(Source material)

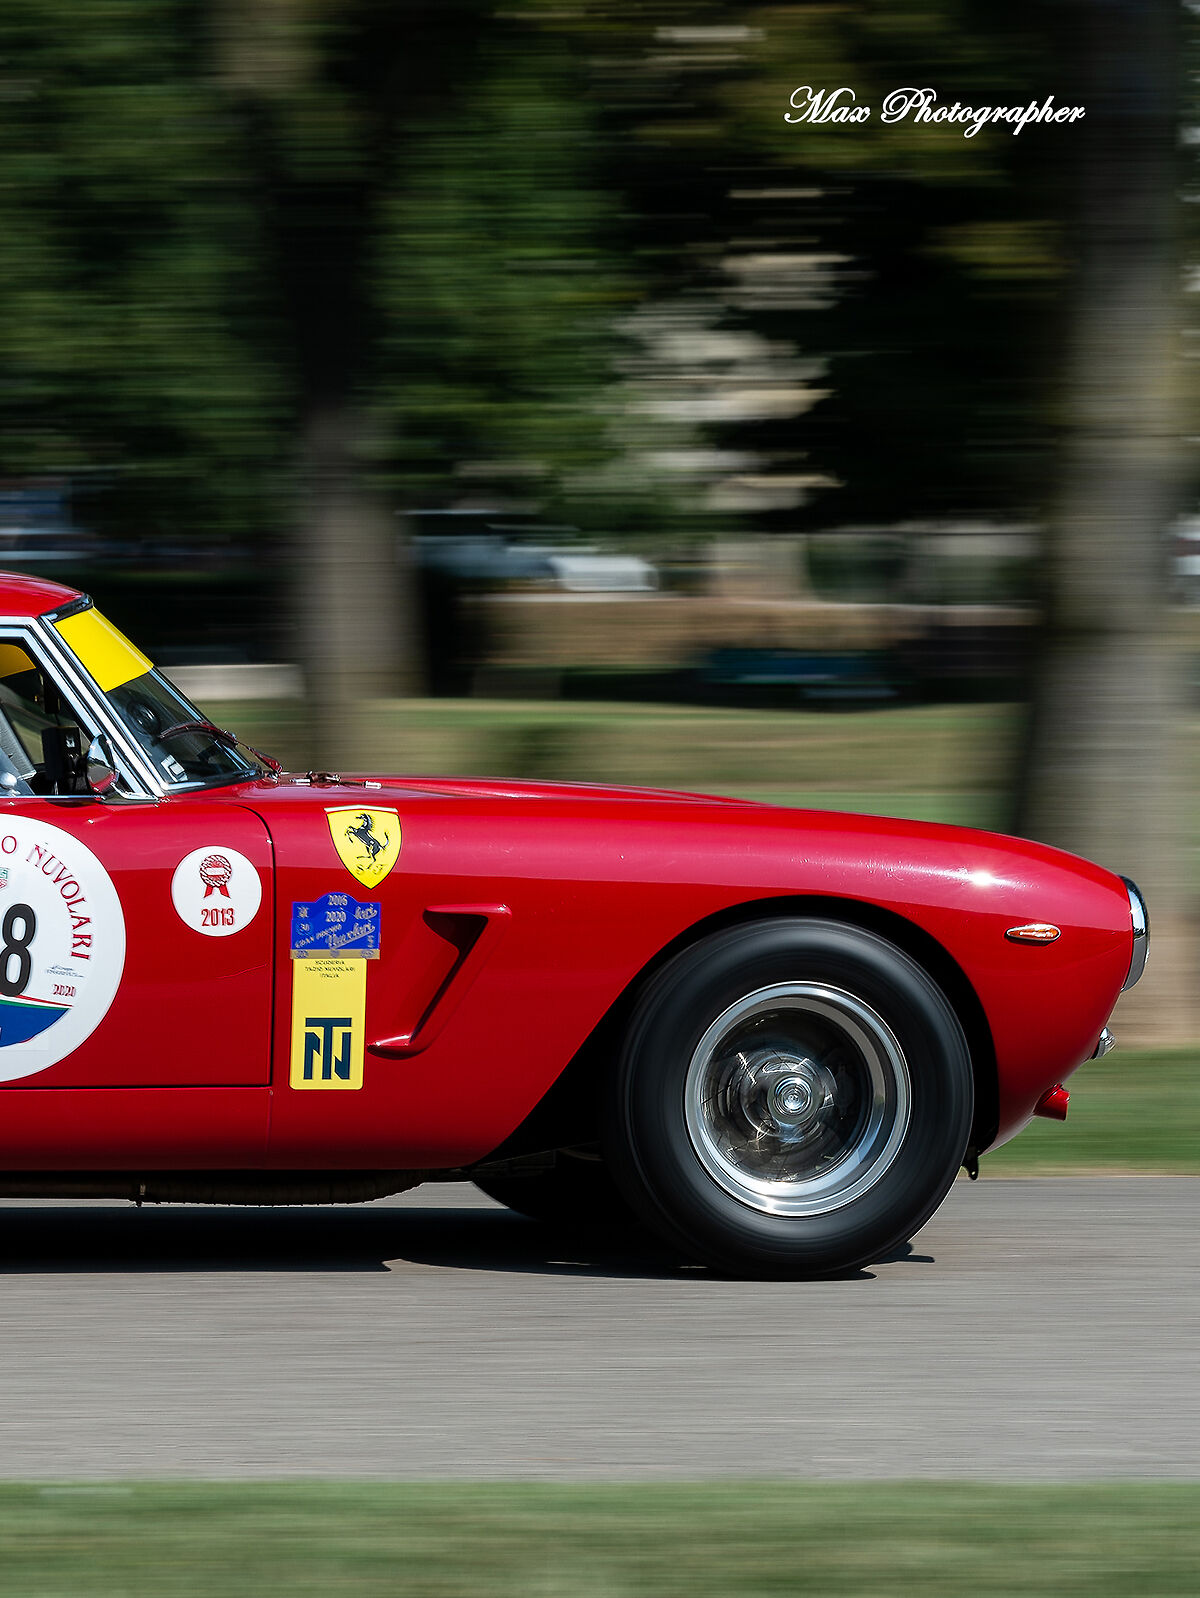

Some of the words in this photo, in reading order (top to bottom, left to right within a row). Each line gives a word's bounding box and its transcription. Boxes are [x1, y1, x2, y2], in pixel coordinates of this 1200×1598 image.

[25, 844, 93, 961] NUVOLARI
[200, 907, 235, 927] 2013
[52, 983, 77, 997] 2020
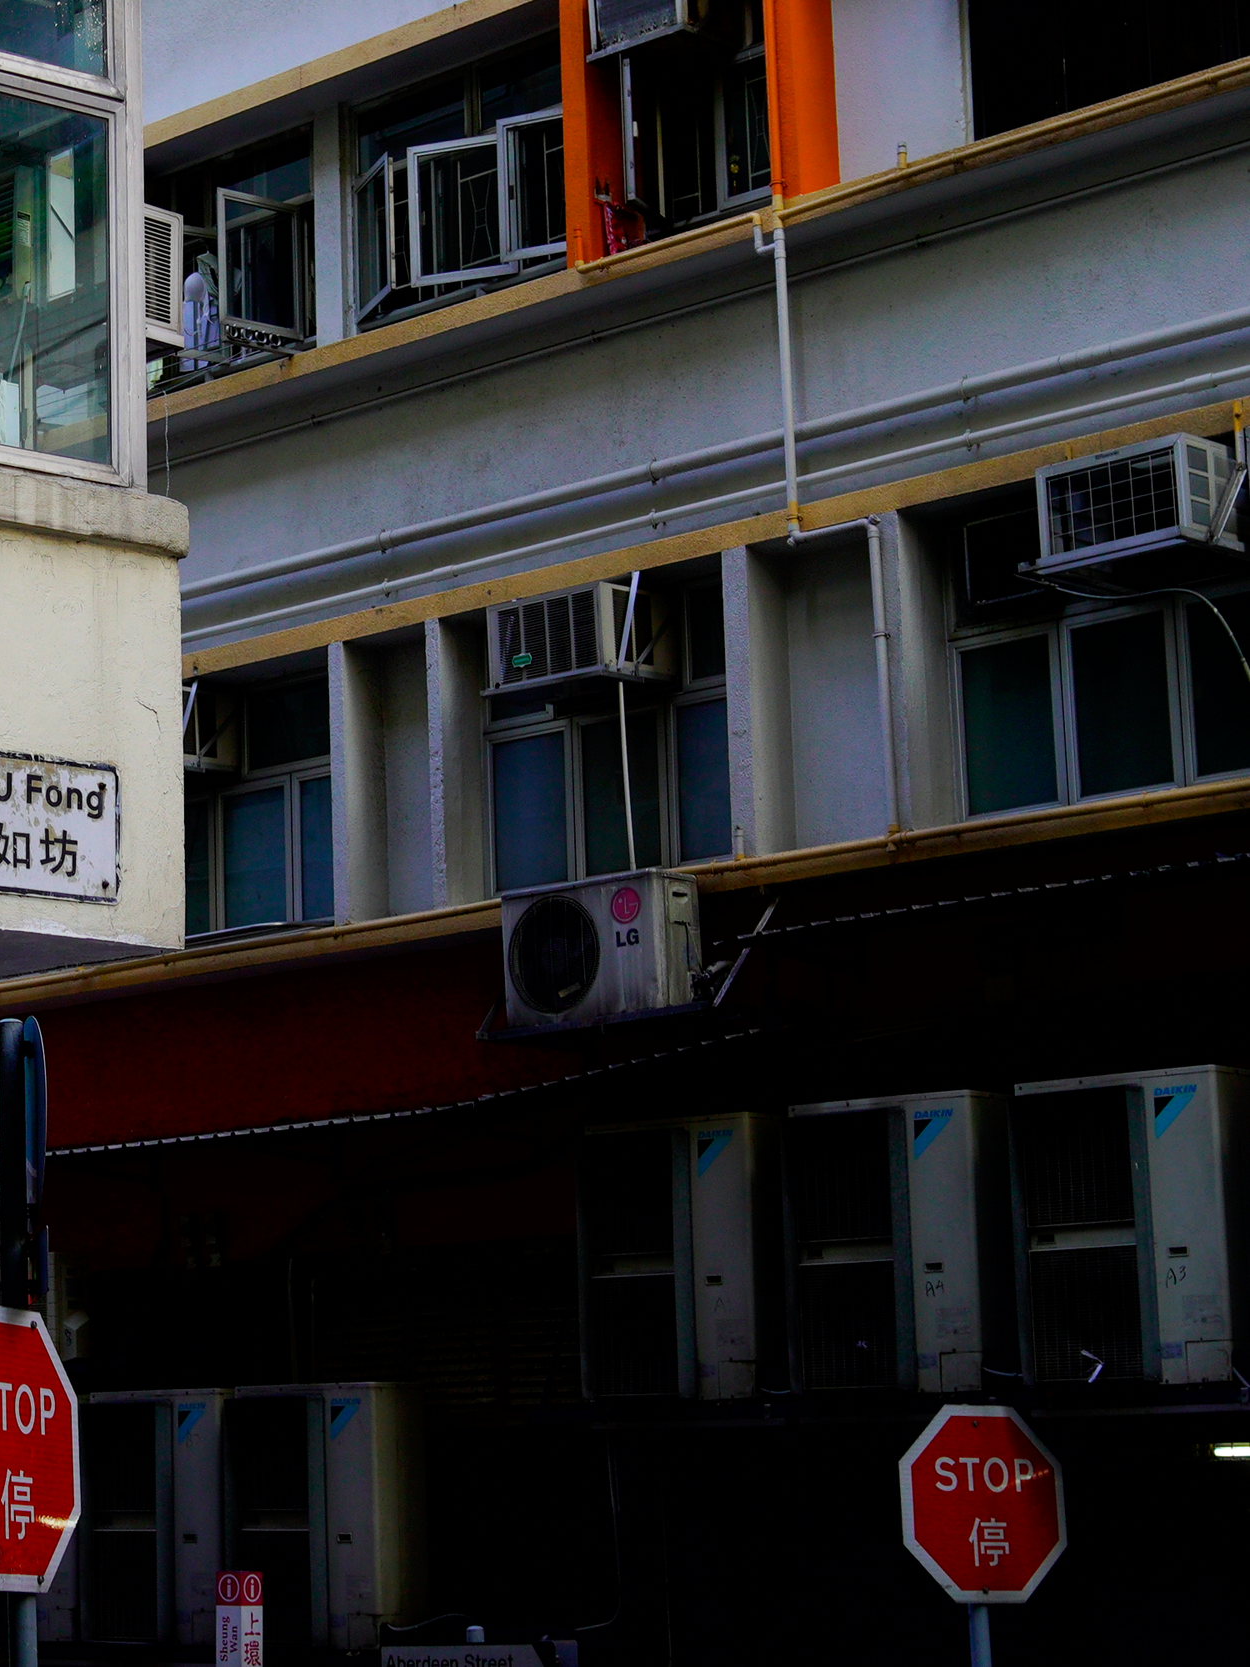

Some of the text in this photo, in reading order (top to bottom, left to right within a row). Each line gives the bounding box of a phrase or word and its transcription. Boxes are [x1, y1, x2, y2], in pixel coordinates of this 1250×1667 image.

(End Source material)

#### [What you have to do]
Repeat the listing above word for word. Do not include the pictures.

#### [Answer section]
Some of the words in this photo, in reading order (top to bottom, left to right within a row). Each line gives a word's bounding box and its transcription. Boxes are [x1, y1, x2, y2], in pixel coordinates of this 1200×1598 image.

[25, 844, 93, 961] NUVOLARI
[200, 907, 235, 927] 2013
[52, 983, 77, 997] 2020

Some of the text in this photo, in reading order (top to bottom, left to right within a row). Each line gives the bounding box of a phrase or word and its transcription. Boxes are [x1, y1, x2, y2], in pixel coordinates of this 1250×1667 image.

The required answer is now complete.